About this task: In the entries that follow, find the line containing "this 1344×1512 image." and the line containing "this 1200×1200 image.", then retype exactly the lines from the first through the second, pictures excluded.

Source data:
*****

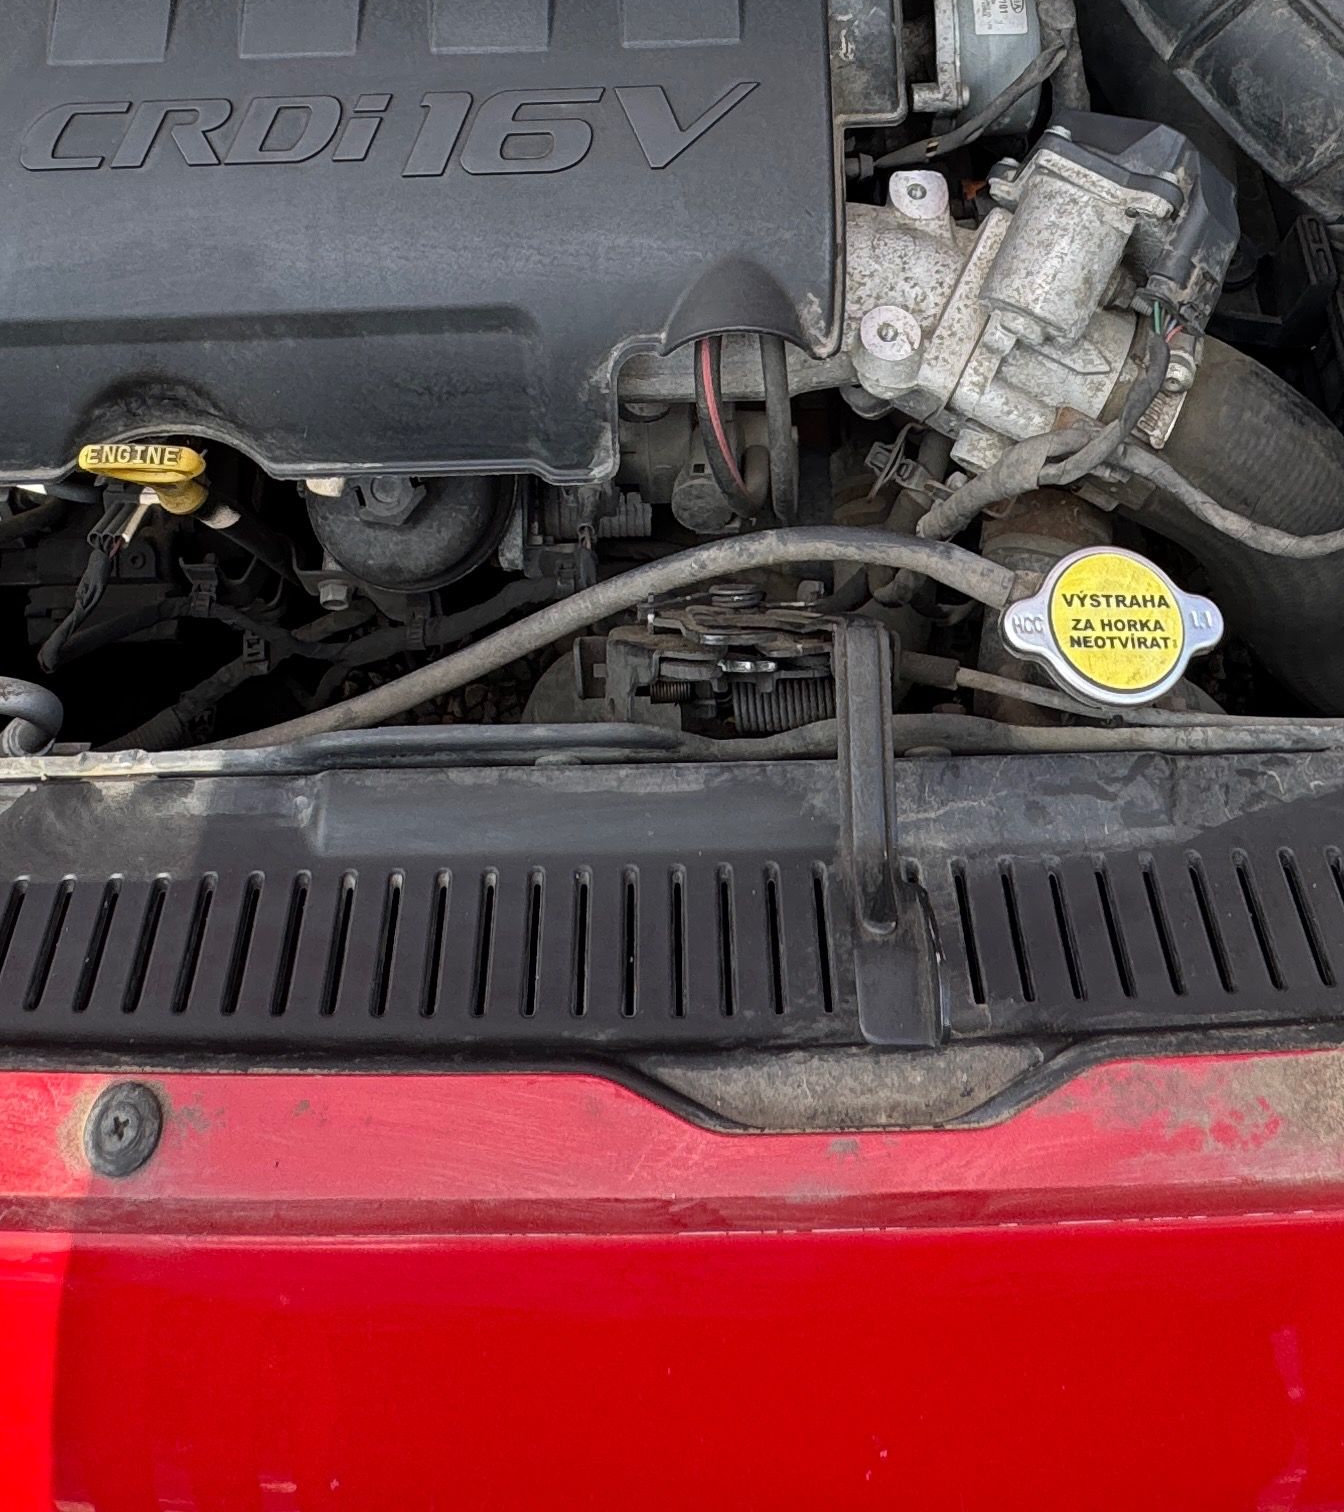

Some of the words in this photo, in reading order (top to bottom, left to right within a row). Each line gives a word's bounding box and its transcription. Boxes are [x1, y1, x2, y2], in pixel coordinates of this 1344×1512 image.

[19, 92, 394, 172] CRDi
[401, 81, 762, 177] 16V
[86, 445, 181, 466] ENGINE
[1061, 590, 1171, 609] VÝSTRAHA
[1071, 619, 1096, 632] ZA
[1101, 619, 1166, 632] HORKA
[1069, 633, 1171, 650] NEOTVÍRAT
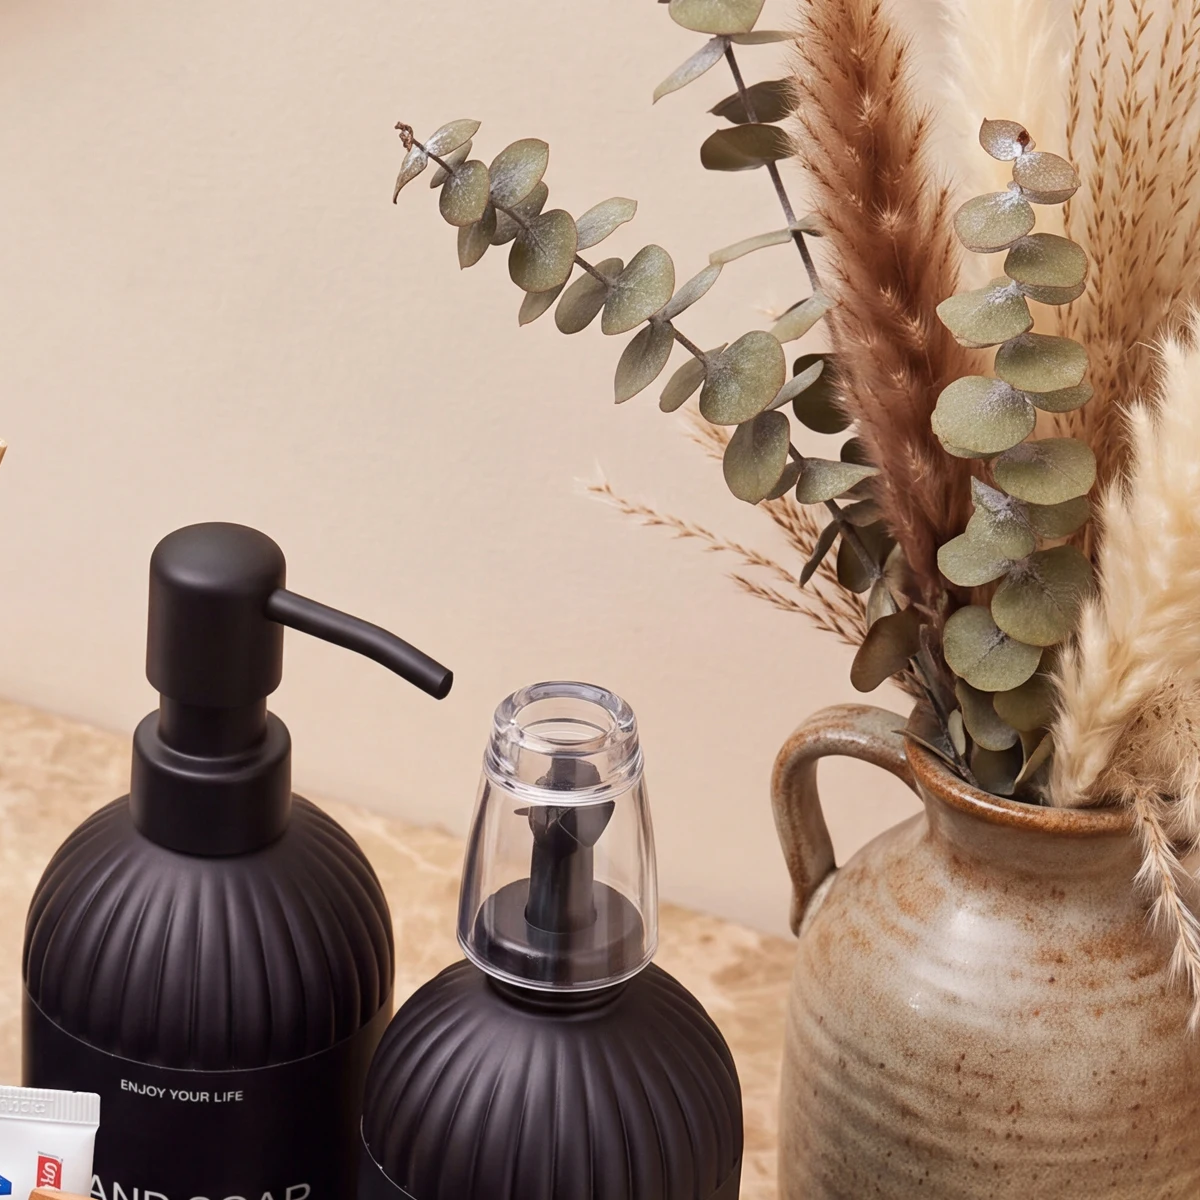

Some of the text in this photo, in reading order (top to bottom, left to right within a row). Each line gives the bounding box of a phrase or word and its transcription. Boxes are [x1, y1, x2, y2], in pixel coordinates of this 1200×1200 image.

*****

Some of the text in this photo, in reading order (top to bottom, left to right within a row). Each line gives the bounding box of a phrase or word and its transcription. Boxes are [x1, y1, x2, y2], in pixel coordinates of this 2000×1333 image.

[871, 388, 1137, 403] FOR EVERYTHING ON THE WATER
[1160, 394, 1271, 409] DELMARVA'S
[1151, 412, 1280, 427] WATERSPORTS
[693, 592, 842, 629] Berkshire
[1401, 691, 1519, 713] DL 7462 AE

*****

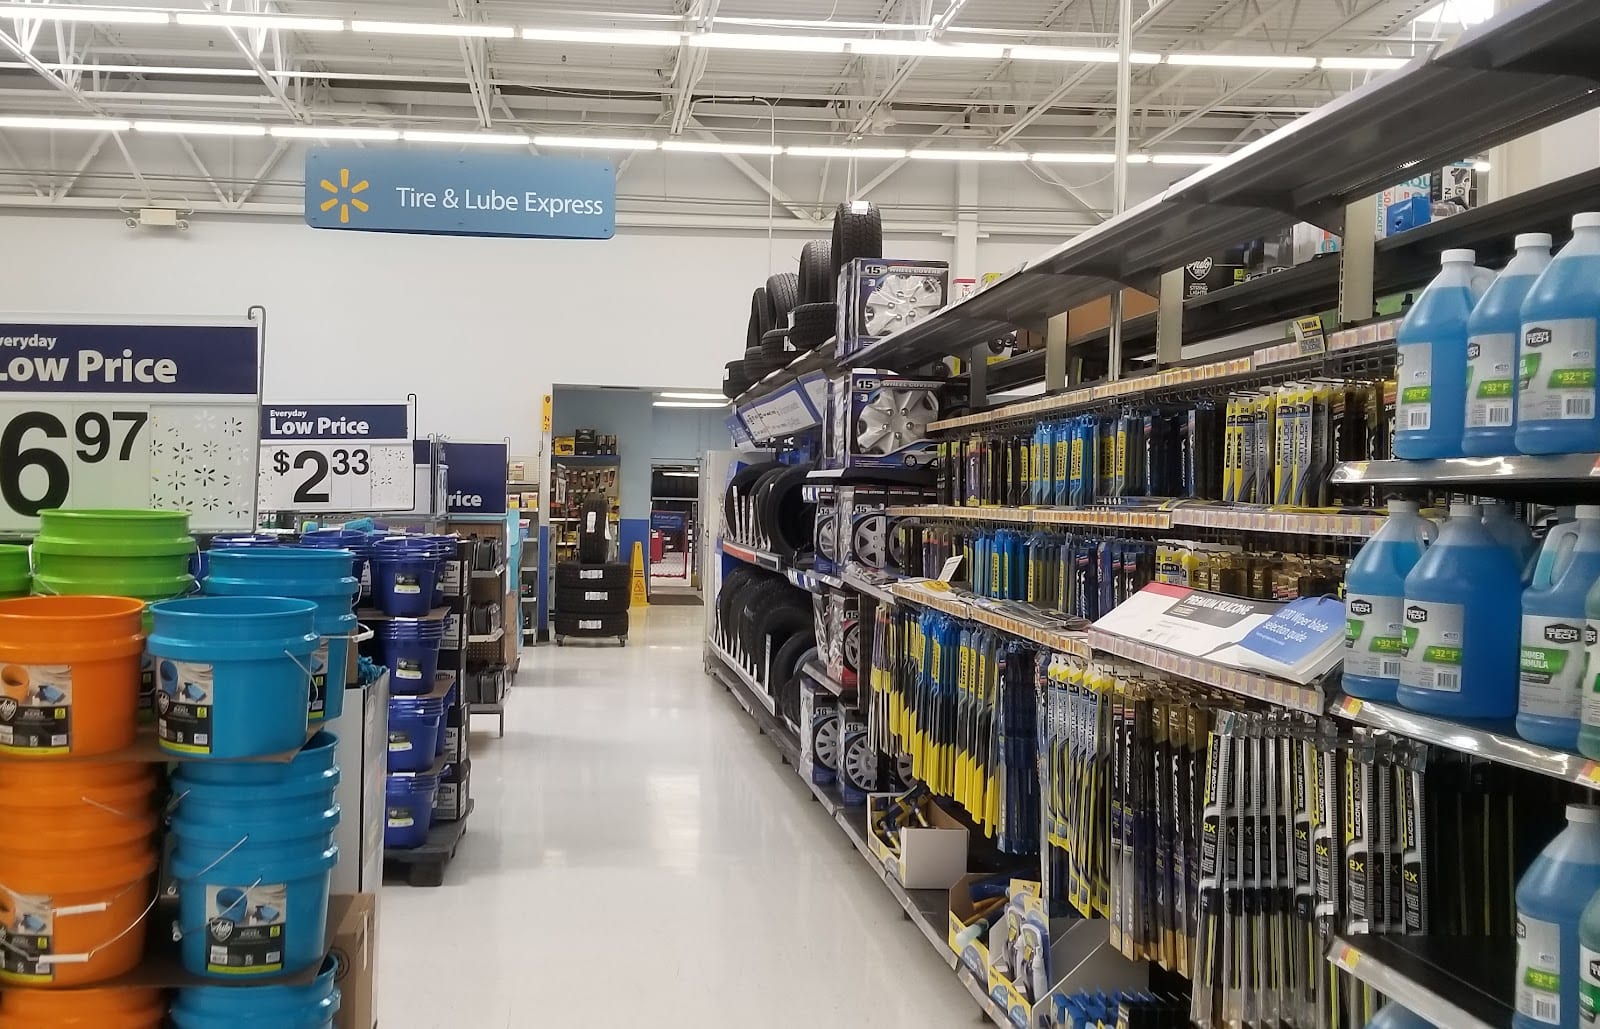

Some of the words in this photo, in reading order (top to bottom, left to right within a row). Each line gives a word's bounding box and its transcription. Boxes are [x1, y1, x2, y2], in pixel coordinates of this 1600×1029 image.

*****

Output of the exercise:
Some of the words in this photo, in reading order (top to bottom, left to right within a row). Each line gives a word's bounding box and its transcription. Boxes are [x1, y1, x2, y2], in pixel coordinates of this 1344×1512 image.

[19, 92, 394, 172] CRDi
[401, 81, 762, 177] 16V
[86, 445, 181, 466] ENGINE
[1061, 590, 1171, 609] VÝSTRAHA
[1071, 619, 1096, 632] ZA
[1101, 619, 1166, 632] HORKA
[1069, 633, 1171, 650] NEOTVÍRAT

Some of the text in this photo, in reading order (top to bottom, left to right within a row). Each line gives the bounding box of a phrase or word and its transcription. Boxes are [x1, y1, x2, y2], in pixel coordinates of this 1200×1200 image.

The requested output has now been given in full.